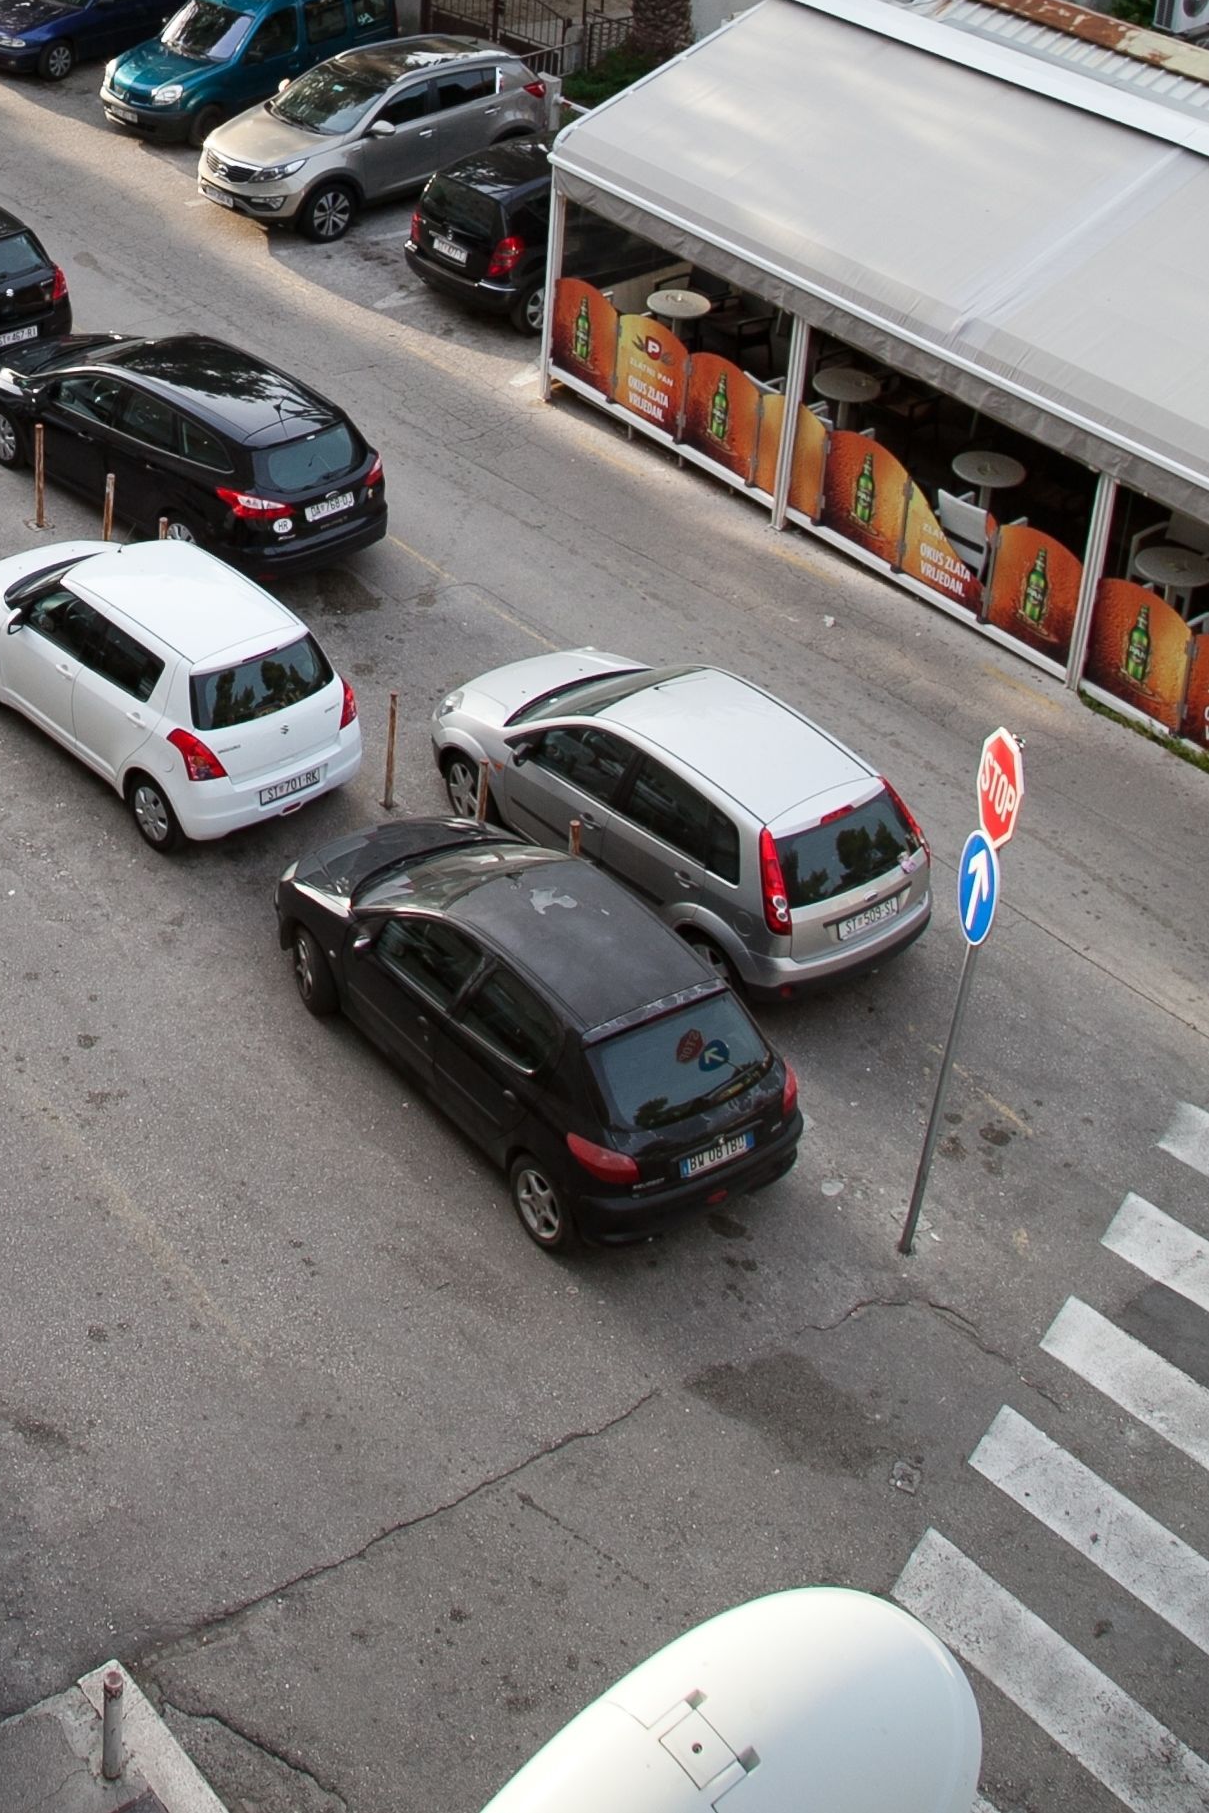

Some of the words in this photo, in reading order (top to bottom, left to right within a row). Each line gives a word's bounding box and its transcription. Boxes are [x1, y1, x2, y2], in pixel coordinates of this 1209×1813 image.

[627, 375, 647, 395] OKUS
[647, 385, 669, 408] ZLATA
[657, 373, 674, 388] PAN
[278, 520, 289, 531] HR
[920, 542, 945, 566] OKUS
[945, 555, 971, 583] ZLATA
[981, 751, 1016, 823] STOP
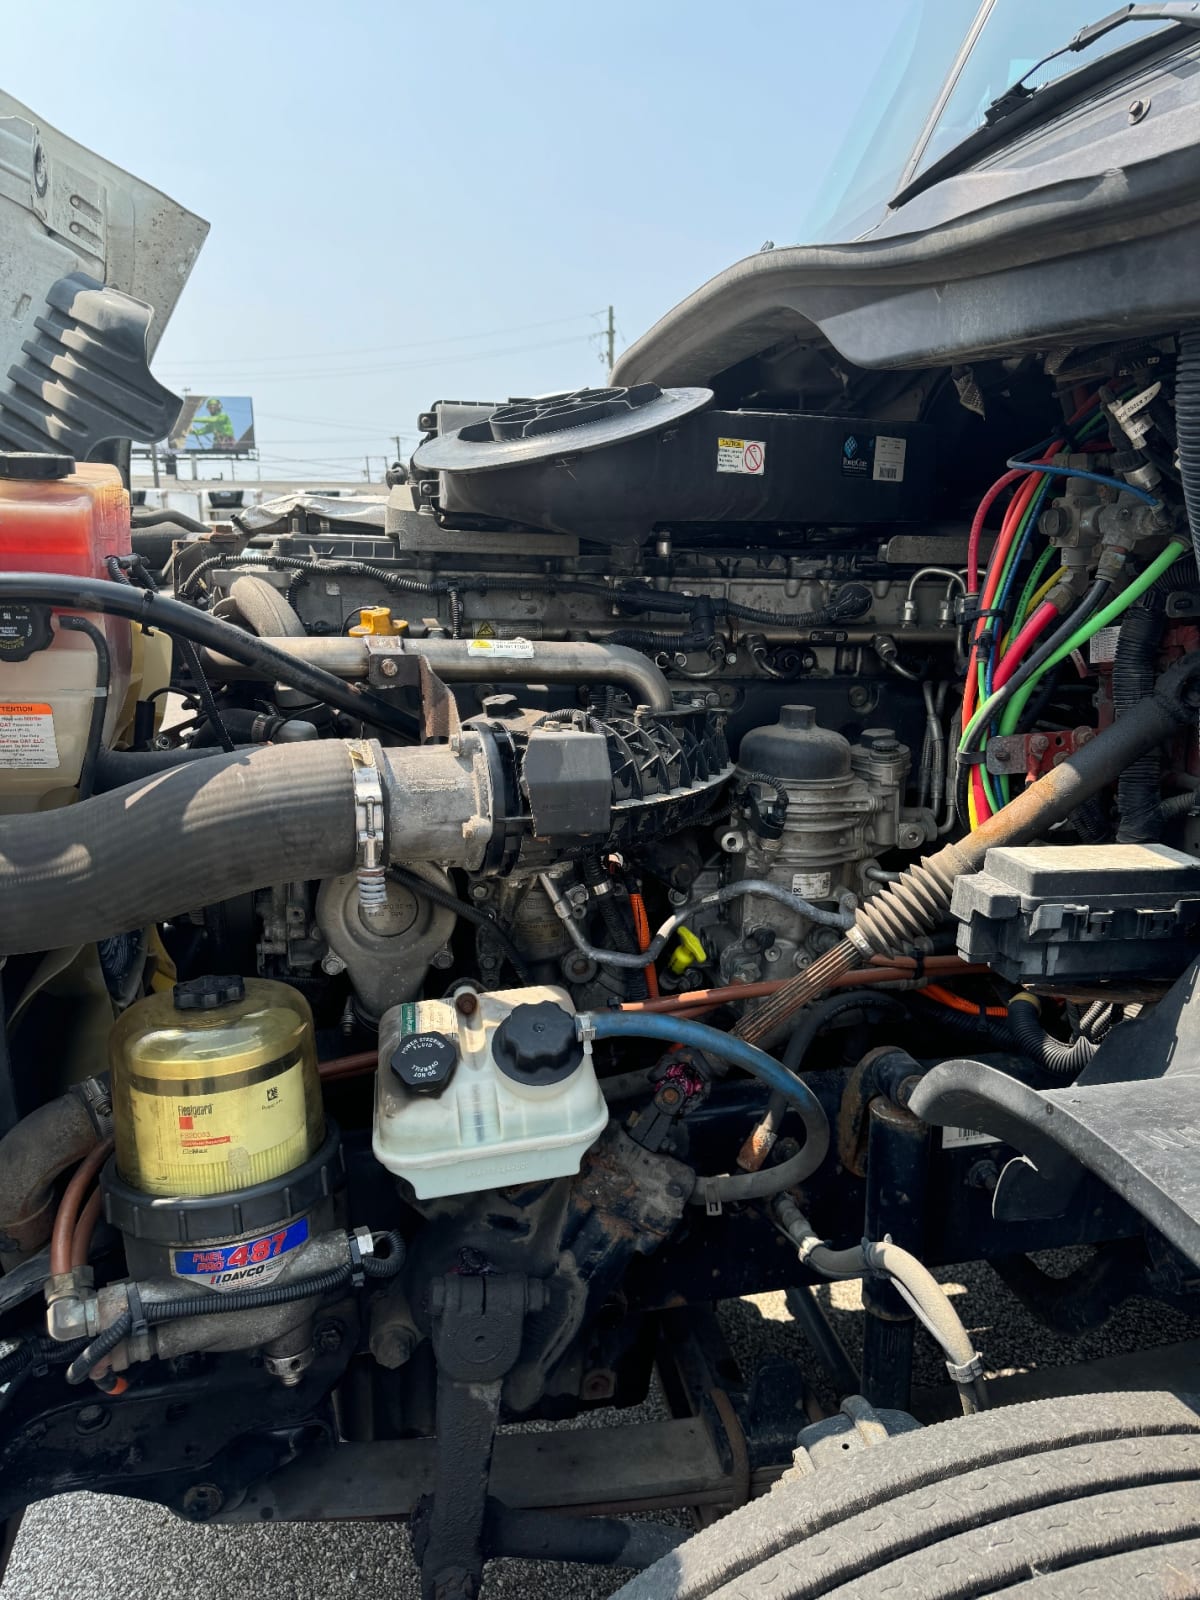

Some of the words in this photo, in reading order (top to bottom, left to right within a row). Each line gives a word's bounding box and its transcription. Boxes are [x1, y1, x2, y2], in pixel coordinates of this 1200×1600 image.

PROBLEM TO SOLVE - Each line above is to be transcribed exactly, though its pictures are not.

EXERCISE RESPONSE -
Some of the words in this photo, in reading order (top to bottom, left to right within a row). Each line gives a word's bounding box and its transcription. Boxes are [x1, y1, x2, y2], in pixel coordinates of this 1209×1813 image.

[627, 375, 647, 395] OKUS
[647, 385, 669, 408] ZLATA
[657, 373, 674, 388] PAN
[278, 520, 289, 531] HR
[920, 542, 945, 566] OKUS
[945, 555, 971, 583] ZLATA
[981, 751, 1016, 823] STOP

Some of the words in this photo, in reading order (top to bottom, left to right within a row). Each line gives a word's bounding box and its transcription. Boxes are [x1, y1, x2, y2], in pixel coordinates of this 1200×1600 image.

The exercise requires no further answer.